El problema mayor es que el programa de formación de fuerzas de seguridad afgana es lento y caro mientras que la insurgencia es más flexible y rápida. A la vez, desmantelar la economía del narcotráfico y ofrecer un modelo productivo a la población no es una tarea sencilla. Por otro lado, pese a que determinados sectores del Estado han crecido desde 2001 y hay claras mejoras para la población, tampoco se ha desarrollado una representación partidaria que permita que los ciudadanos puedan expresar sus inquietudes sociales, económicas y políticas.

La cuestión pakistaní es de las más complejas. La frontera entre Pakistán y Afganistán es porosa y existe sólo en los mapas. Las afinidades tribales y la falta de Estado en los dos lados, el narcotráfico y el comercio ilegal de armas le convierten en la retaguardia ideal para la insurgencia.

Sectores de la inteligencia y las fuerzas armadas pakistaníes han apoyado durante años a los grupos Taliban con el objetivo de controlar Afganistán. La perspectiva estratégica es que Pakistán debe tener ese control para evitar que ese país esté bajo la influencia de India, la competencia hegemónica de Nueva Deli en Asia suroriental.

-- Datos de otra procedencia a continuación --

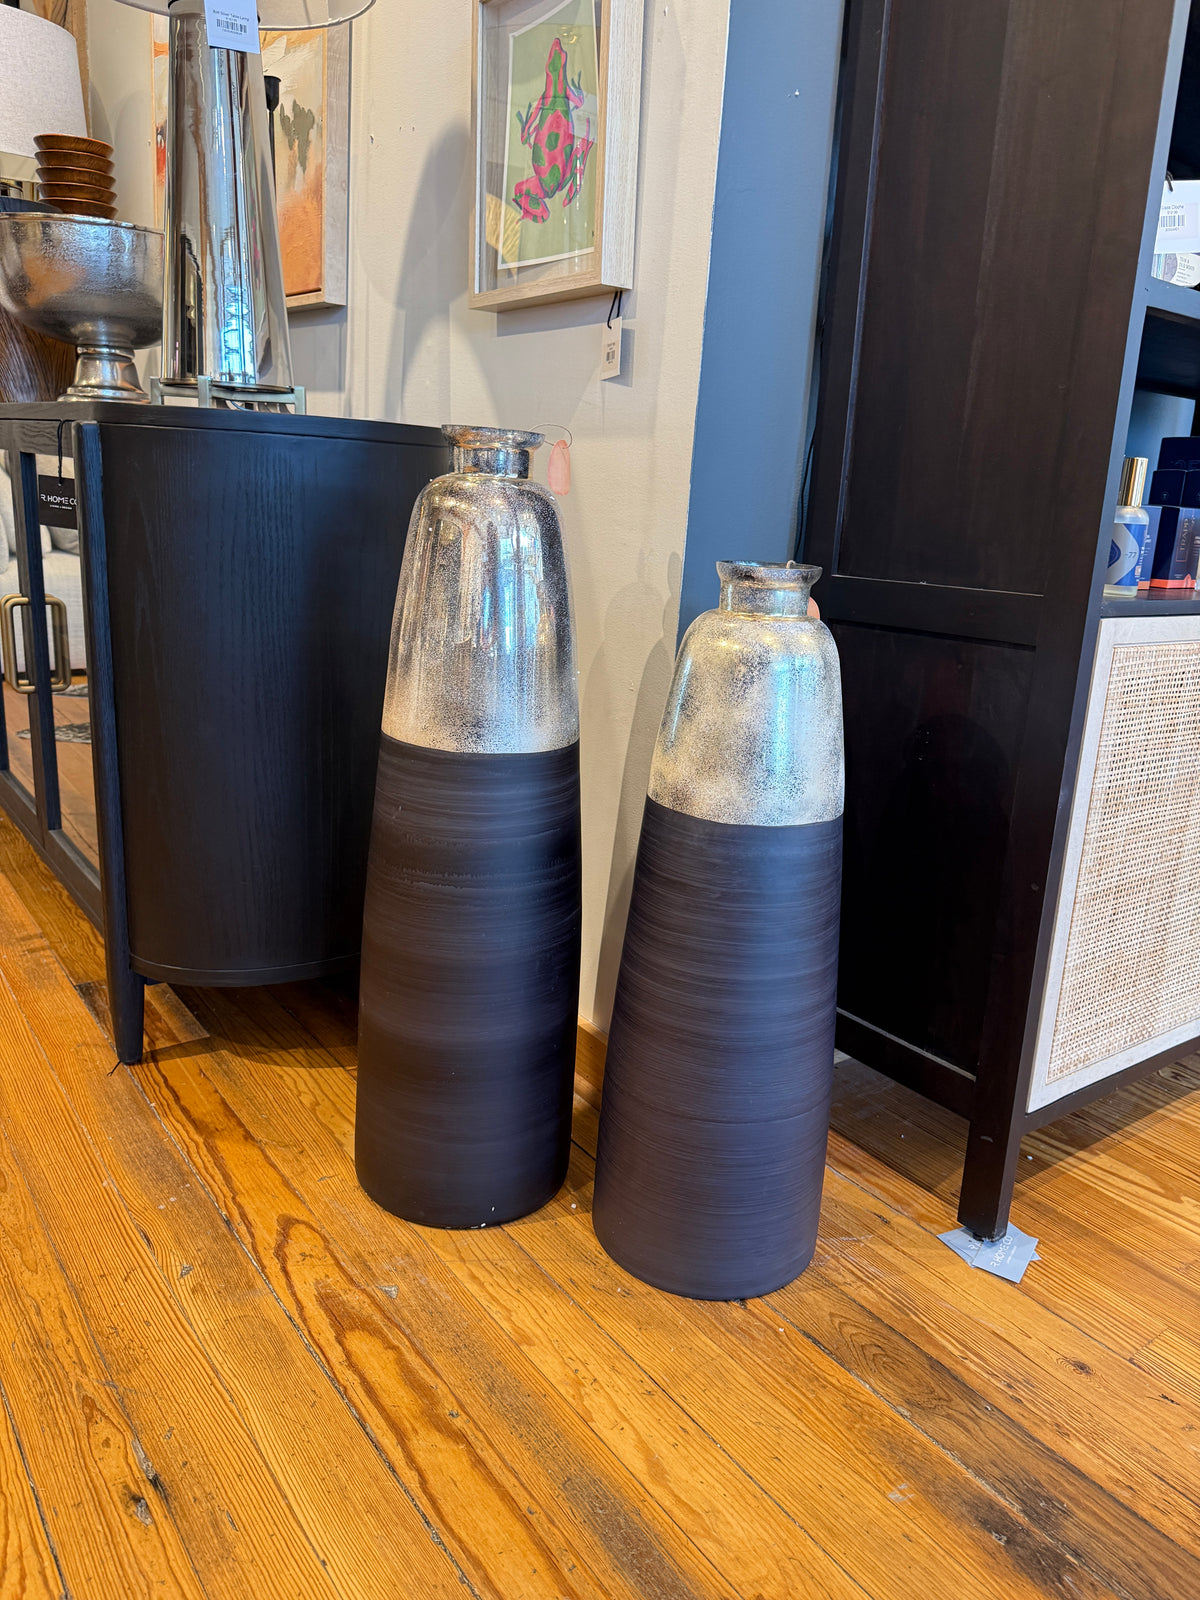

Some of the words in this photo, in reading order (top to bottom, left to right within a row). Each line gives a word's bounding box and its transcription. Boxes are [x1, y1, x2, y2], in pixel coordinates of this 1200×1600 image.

[48, 495, 69, 504] HOME
[1180, 518, 1189, 551] TRAPP
[994, 1244, 1009, 1263] HOME

En 2009 las cuestiones internas y las externas del conflicto afgano se cruzarán más intensamente. Estados Unidos está presionando fuertemente a Pakistán para que se implique en la lucha por el control de la frontera y la zona controlada por grupos insurgentes. Washington aumenta sus fuerzas y Obama pedirá el mismo esfuerzo a los aliados. La idea es presionar militarmente para negociar mejor, algo que algunos analistas ponen en duda. La gravedad del conflicto obliga a adoptar una perspectiva regional, que implique de forma gradual a todos los implicados, tanto los que están en primera línea como otros (China, Rusia, Irán) que tiene intereses geopolíticos en la región.